Astrochemistry: the laboratory is in the stars

Space is pervaded by many kinds of molecules, and they are constantly moving - vibrating and rotating. When they move, they emit tiny amounts of radiation that can be observed mostly with radio, submillimetre and infrared telescopes. Moreover, this radiation carries the specific 'signature' of the molecule emitting it, a fingerprint in the form of a special line that can be identified by instruments called spectrometers. In this way, astronomers can identify molecules that are even thousands of light-years away. Until about a decade ago, only radio telescopes did the search, but in 1995 ESA launched the first Infrared Space Observatory, ISO. This triggered a true revolution in astrochemistry. For example, ISO proved the existence of molecules of water in a whole variety of regions - from newborn stars till the centre of the galaxy. Also, it unveiled a much richer chemistry than what had been known before by detecting benzene for example, the 'ring molecule', which is an essential chemical step towards the synthesis of more complex organic molecules.

Now astronomers want to go a step further. They want to detect true complex organic compounds, such as molecules made up of many benzene rings and maybe even amino acids. These molecules emit far-infrared and submillimetre radiation, the kind of light that Herschel will see. Also, Herschel will be equipped with HIFI, the most sensitive instrument ever designed to identify the signature of molecules in the far-infrared and submillimetre.

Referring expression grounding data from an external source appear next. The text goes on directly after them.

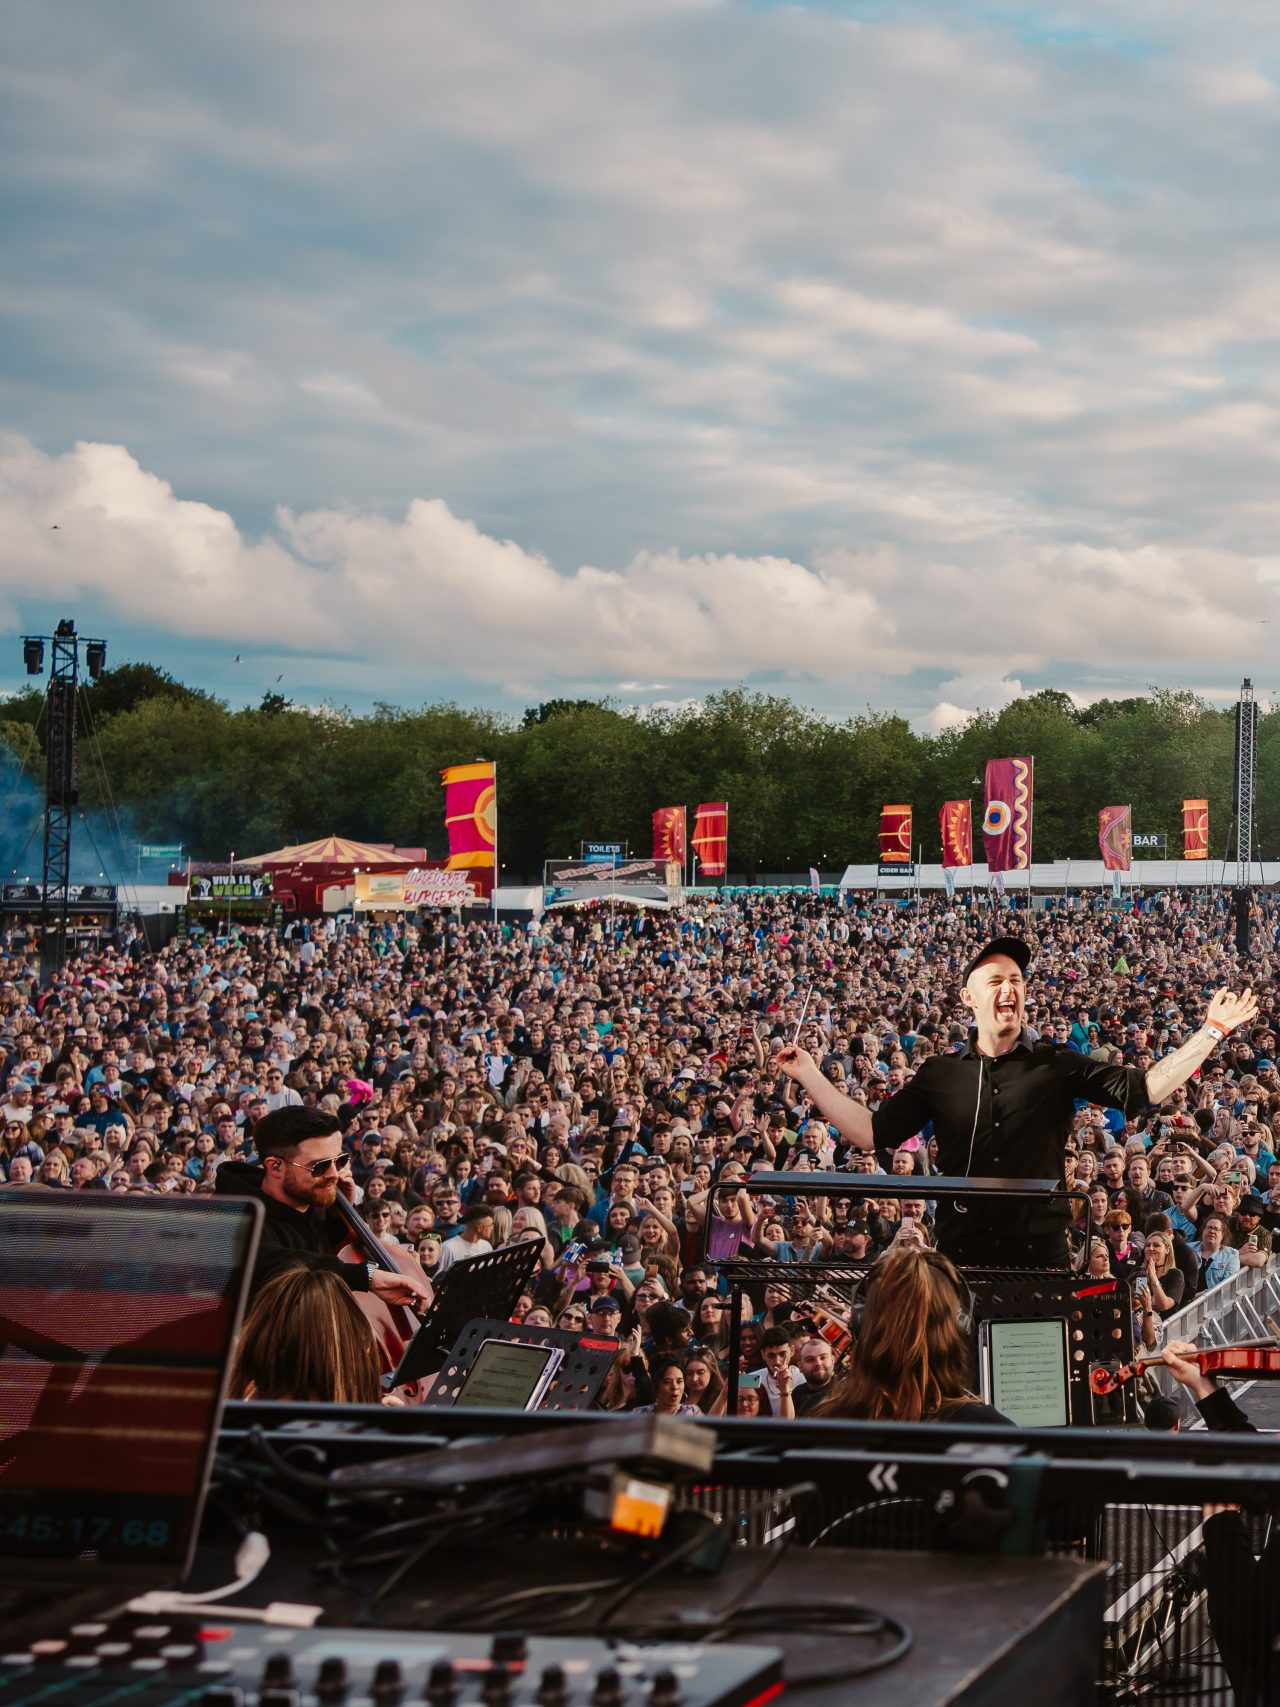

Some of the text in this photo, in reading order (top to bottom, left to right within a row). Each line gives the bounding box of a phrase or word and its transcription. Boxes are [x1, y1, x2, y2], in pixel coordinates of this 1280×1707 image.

[1133, 835, 1158, 846] BAR
[588, 845, 620, 853] TOILETS
[212, 875, 251, 885] VIVA LA
[212, 884, 252, 896] VEGI
[403, 889, 466, 905] BURGERS

As Göran Pilbratt, Herschel project scientist, says, "Herschel - and especially HIFI - will study the interstellar space with very high spectral resolution. It means that it will be able to distinguish molecules with a very high detail. And because Herschel is in space itself it will be able to see molecular radiation never studied before in the submillimetre and far-infrared. We expect to detect and study many new molecular (spectral) lines and new molecules."